Thyberg and Winqvist began their collaboration studying Thyberg’s extensive research and experiences observing the porn industry in Los Angeles, intent on creating a visual language that reversed the imagery typically presented in adult films, ones that would help frame the story from Bella’s perspective. Winqvist decided to shoot the film on the Alexa Mini using Cooke s4 lenses, wanting to capture the authentic texture and colors of skin, while also pushing the visual tone of the film towards something not quite real. Her collaboration with her gaffer and grip team helped create a look and feel that was authentic to adult film sets, using lots of kino flo lights and soft bright light sources, similar to the techniques used in porn. They also used these units to create a visual language mimicking the story’s cultural split between Madonna and an “unholy woman”. 

ALICE (2022)

ALICE is a 2022 American crime thriller written and directed by Krystin Ver Linden in her feature directorial debut. The film stars Keke Palmer as Alice, a slave in the antebellum South who escapes her secluded plantation, only to stumble onto a highway and discover that the year is actually 1973. Jonny Lee Miller, Common, Gaius Charles and Alicia Witt also star. Alice premiered at the 2022 Sundance Film Festival. Ver Linden worked on the VFX for the film with Milan, Italy-based VFX studio 22DOGS. 

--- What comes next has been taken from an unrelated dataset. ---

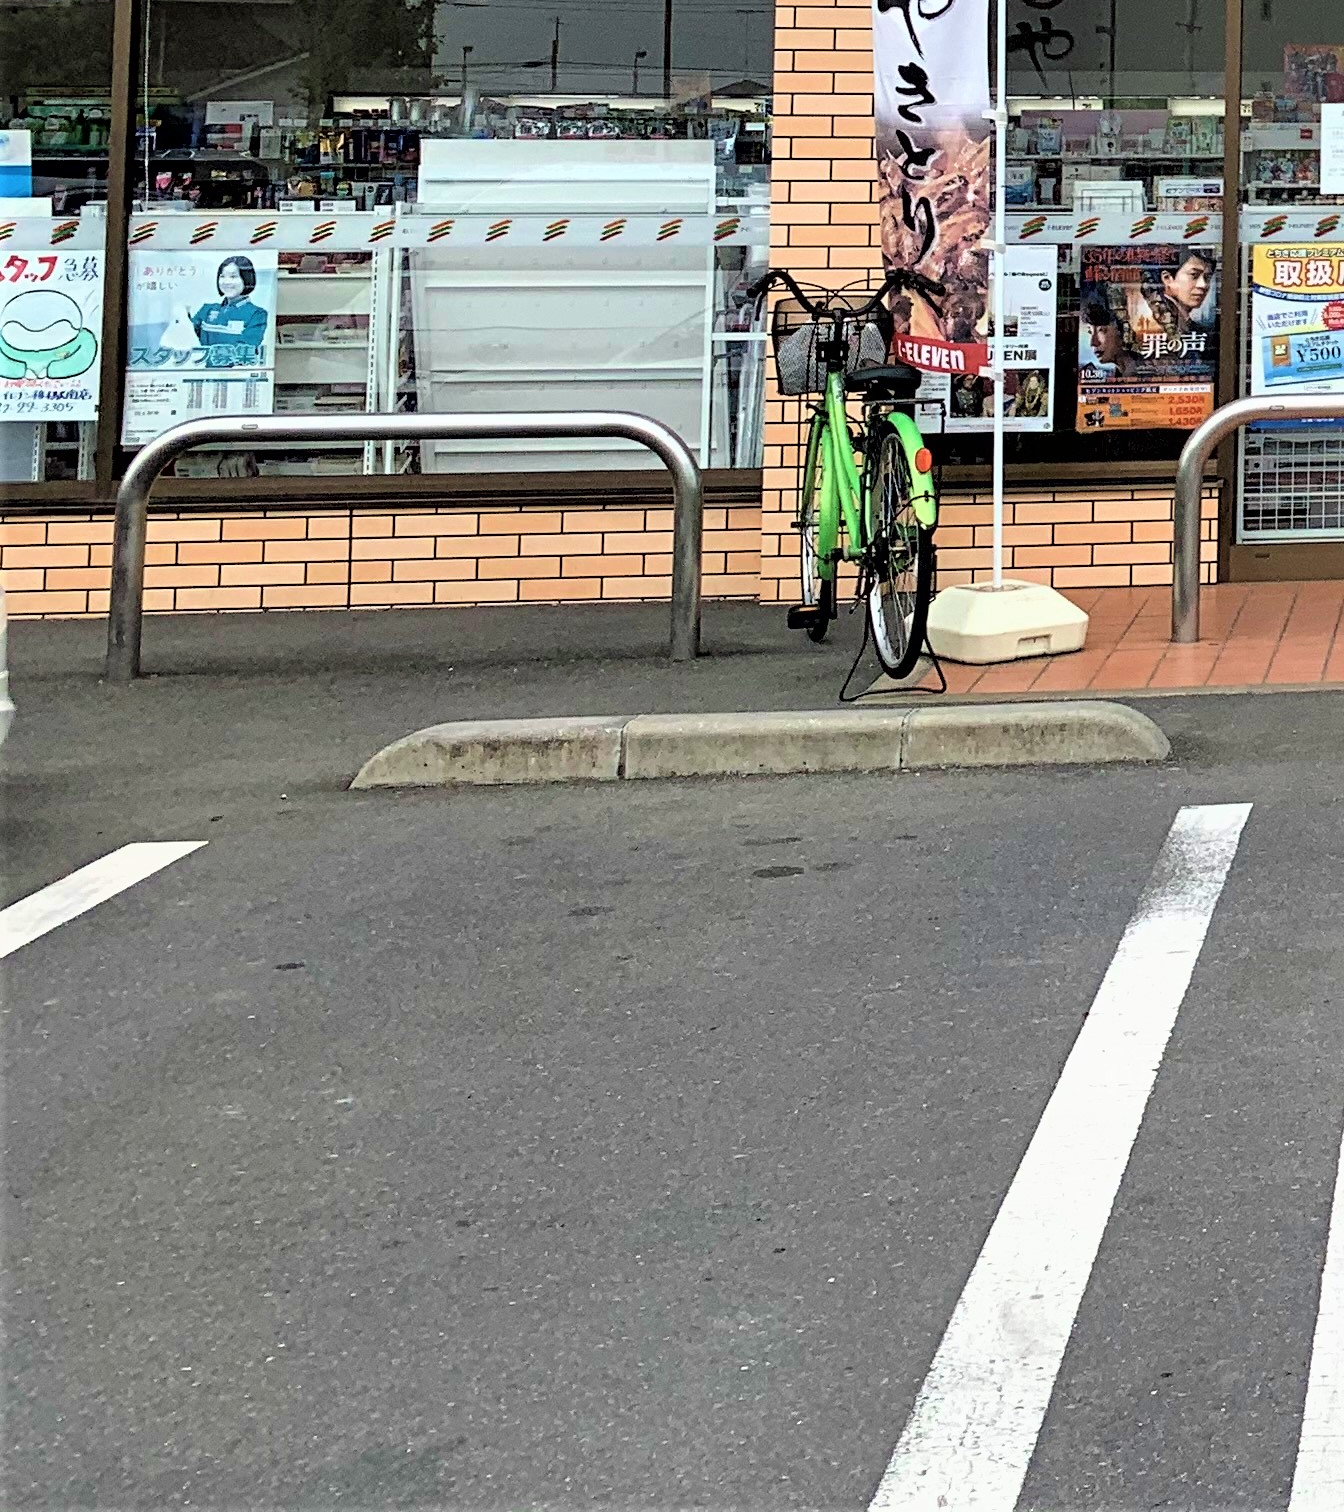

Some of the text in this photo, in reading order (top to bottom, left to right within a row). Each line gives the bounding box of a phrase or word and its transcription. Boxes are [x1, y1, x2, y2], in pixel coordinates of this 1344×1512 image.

Alice was set to go into production in the summer of 2020, when the Covid pandemic forced the film to shift gears, shooting in the fall and moving its entire post-production process remotely. With producer Peter Lawson in Australia, Ver Linden and editor Byron Smith in the US, and 22DOGS in Italy, working remotely to design and execute over 200 visual effects shots was a significant logistical and technological challenge for the crew. Using technology tools such as Frame.io to live stream frames remotely to one another, the 22DOGS team would be able to draw with a stylus directly onto the frame to map out and illustrate where and how VFX elements would operate, streamlining the team’s workflow and pushing the film’s relatively limited budget to its maximum potential.